Todo el viaje de vuelta en el metro lo hizo con la mirada perdida a no se sabe qué. Cuando fue consciente de ello, se enfadó consigo mismo porque no quería sufrir más de lo necesario. Supuso que aquello era un toque de atención ante una realidad implacable; un aviso de que, tal vez, estaba enfocando mal su camino y que, a lo mejor, era positivo replantearse qué hacer a partir de ese momento.  

Cuando llegó a su estación ya estaba más animado y recuperó parte de la energía que había gastado en aquellos pensamientos negativos. Además, pensándolo bien, había cambiado el turno en la cafetería y tenía la tarde libre.

Al llegar a casa metió la ropa en la lavadora y aprovechó para limpiarla de arriba abajo. De esa manera no pensaba en lo sucedido unas horas antes. Todo lucía brillante cuando se metió la ducha, sudado y manchado. Todo lo negativo que podía afectarle se fue por el sumidero.

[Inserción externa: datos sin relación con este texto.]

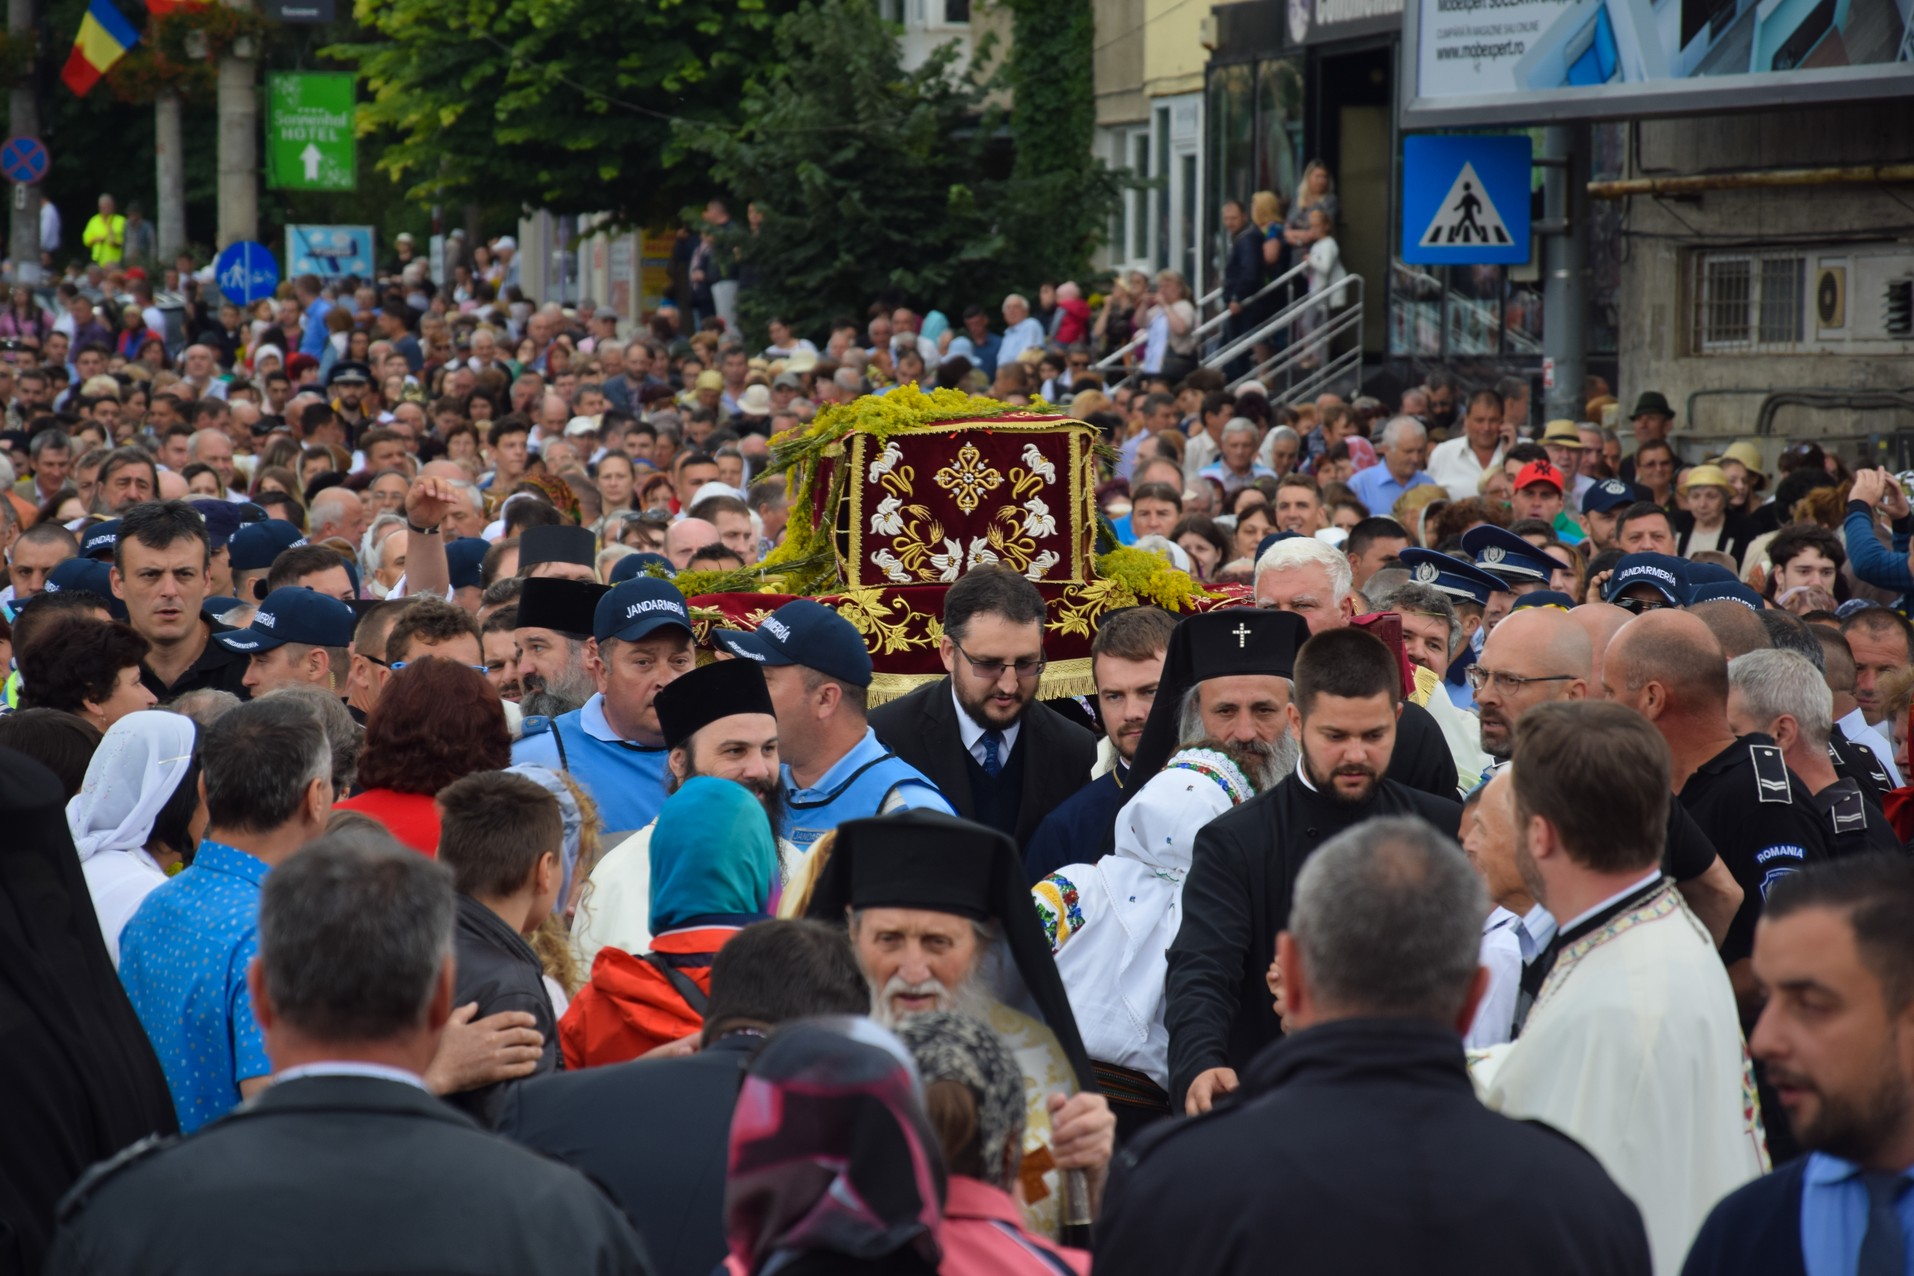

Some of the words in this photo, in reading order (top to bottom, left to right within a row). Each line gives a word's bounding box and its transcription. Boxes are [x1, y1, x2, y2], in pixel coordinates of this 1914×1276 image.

[1436, 40, 1525, 61] www.mobexpert.ro
[281, 127, 339, 142] HOTEL
[1757, 845, 1803, 863] ROMANIA

Después de salir de la ducha y vestirse algo cómodo, se preparó algo de comer y decidió descansar hasta que fuera la hora de marchar a trabajar. Dejo la televisión con el sonido en silencio y quedó dormido casi el momento.

Cuando se despertó, la tarde iba cayendo con lentitud y se filtraba a través de las ventanas al interior de la sala, lo que le aportaba una sensación de irrealidad más que agradable. Se vistió y salió de nuevo a la calle, saludo algunos vecinos, al dueño de un Kebab con el que había hecho amistad y se paró a charlar unos minutos con él.

En cuanto entró en el restaurante-bar en el que trabajaba, antes de que entrara en la cocina para lavar los platos, el dueño le llamó.

—Michael, ¿puedes pedir un momento?

—Dime, Frank.

—Tengo un problema. Evelyn no puede venir ha trabajar. Se ha caído en casa y se ha roto el pie. Tú llevas tiempo aquí, controlas bien el trabajo de ella. Puedes sustituirla esta noche.

—Claro, Frank. No hay problema.

—Te debo una. Ya he contratado a uno para que te sustituya hoy. Voy a buscarte la ropa y la placa con tu nombre.

Una vez que se hubo cambiado, con su bolígrafo y la PDA en su delantal de camarero, comenzó a trabajar en la sala y, como comprobó el dueño, no se equivocó al pedirle que trabajara en la sala aquella noche.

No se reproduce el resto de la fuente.